ABOUT THIS EXERCISE
Repeat the listing exactly. Pictures stay out of your copy.

RECORDS FOR THIS EXERCISE
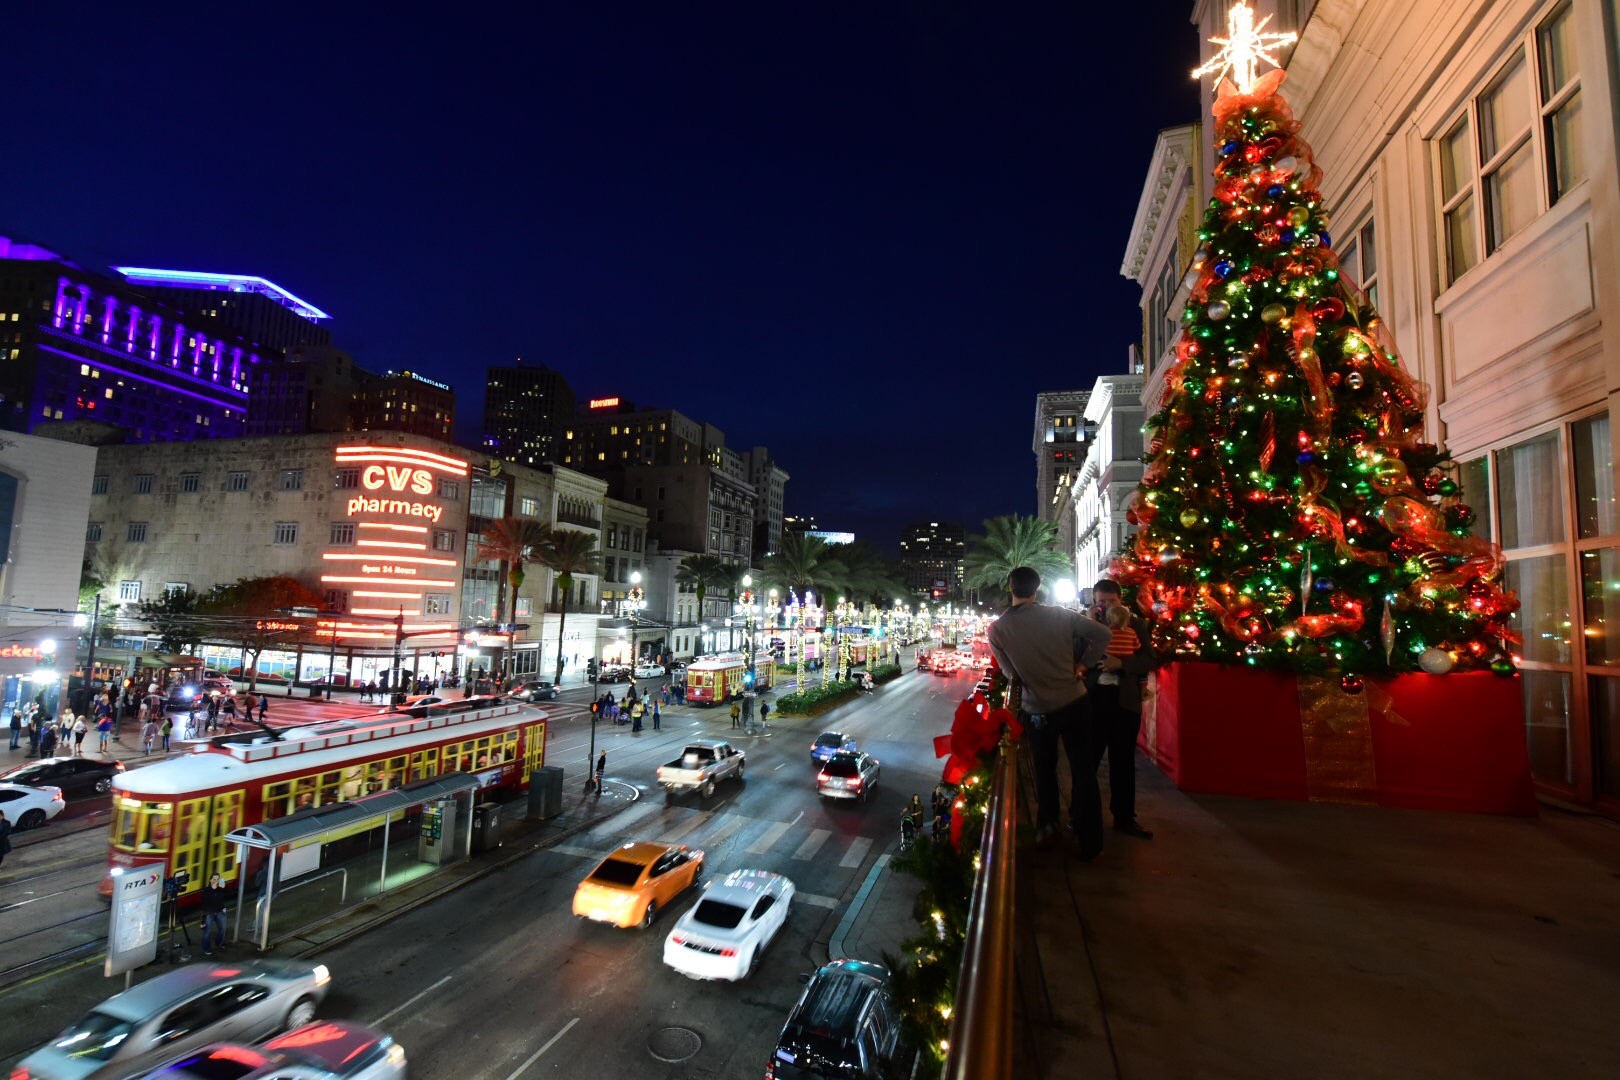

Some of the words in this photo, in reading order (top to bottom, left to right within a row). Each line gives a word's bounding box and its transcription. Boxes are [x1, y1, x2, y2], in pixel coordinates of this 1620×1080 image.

[362, 465, 433, 495] CVS
[347, 495, 443, 522] pharmacy
[124, 878, 147, 890] RTA
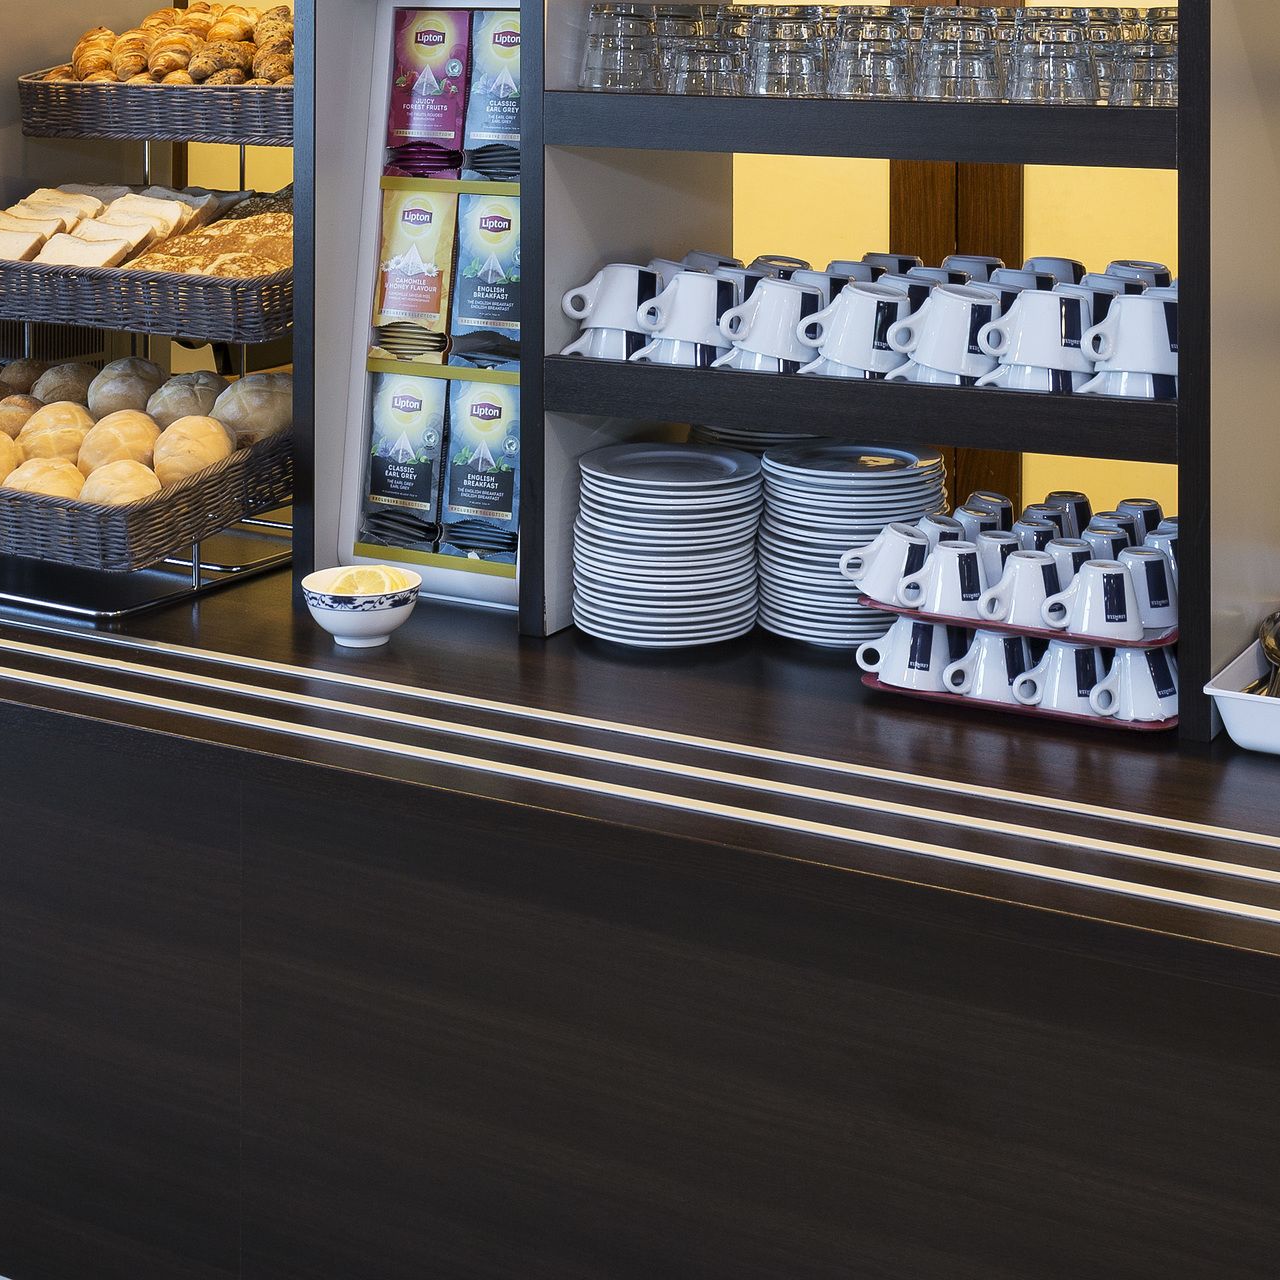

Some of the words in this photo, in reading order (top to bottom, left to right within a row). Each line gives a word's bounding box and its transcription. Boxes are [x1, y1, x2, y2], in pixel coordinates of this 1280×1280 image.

[417, 33, 443, 43] Lipton
[495, 35, 520, 44] Lipton
[404, 211, 430, 222] Lipton
[481, 219, 509, 229] Lipton
[395, 277, 427, 286] CAMOMILE
[410, 284, 437, 293] FLAVOUR
[473, 291, 509, 300] BREAKFAST
[394, 398, 420, 409] Lipton
[472, 405, 499, 417] Lipton
[388, 464, 415, 473] CLASSIC
[385, 470, 400, 478] EARL
[400, 472, 418, 480] GREY
[467, 473, 496, 482] ENGLISH
[463, 479, 499, 489] BREAKFAST

SOLUTION
Some of the words in this photo, in reading order (top to bottom, left to right within a row). Each line gives a word's bounding box and its transcription. Boxes are [x1, y1, x2, y2], in pixel coordinates of this 1620×1080 image.

[362, 465, 433, 495] CVS
[347, 495, 443, 522] pharmacy
[124, 878, 147, 890] RTA

Some of the words in this photo, in reading order (top to bottom, left to right within a row). Each line gives a word's bounding box and its transcription. Boxes are [x1, y1, x2, y2], in pixel coordinates of this 1280×1280 image.

[417, 33, 443, 43] Lipton
[495, 35, 520, 44] Lipton
[404, 211, 430, 222] Lipton
[481, 219, 509, 229] Lipton
[395, 277, 427, 286] CAMOMILE
[410, 284, 437, 293] FLAVOUR
[473, 291, 509, 300] BREAKFAST
[394, 398, 420, 409] Lipton
[472, 405, 499, 417] Lipton
[388, 464, 415, 473] CLASSIC
[385, 470, 400, 478] EARL
[400, 472, 418, 480] GREY
[467, 473, 496, 482] ENGLISH
[463, 479, 499, 489] BREAKFAST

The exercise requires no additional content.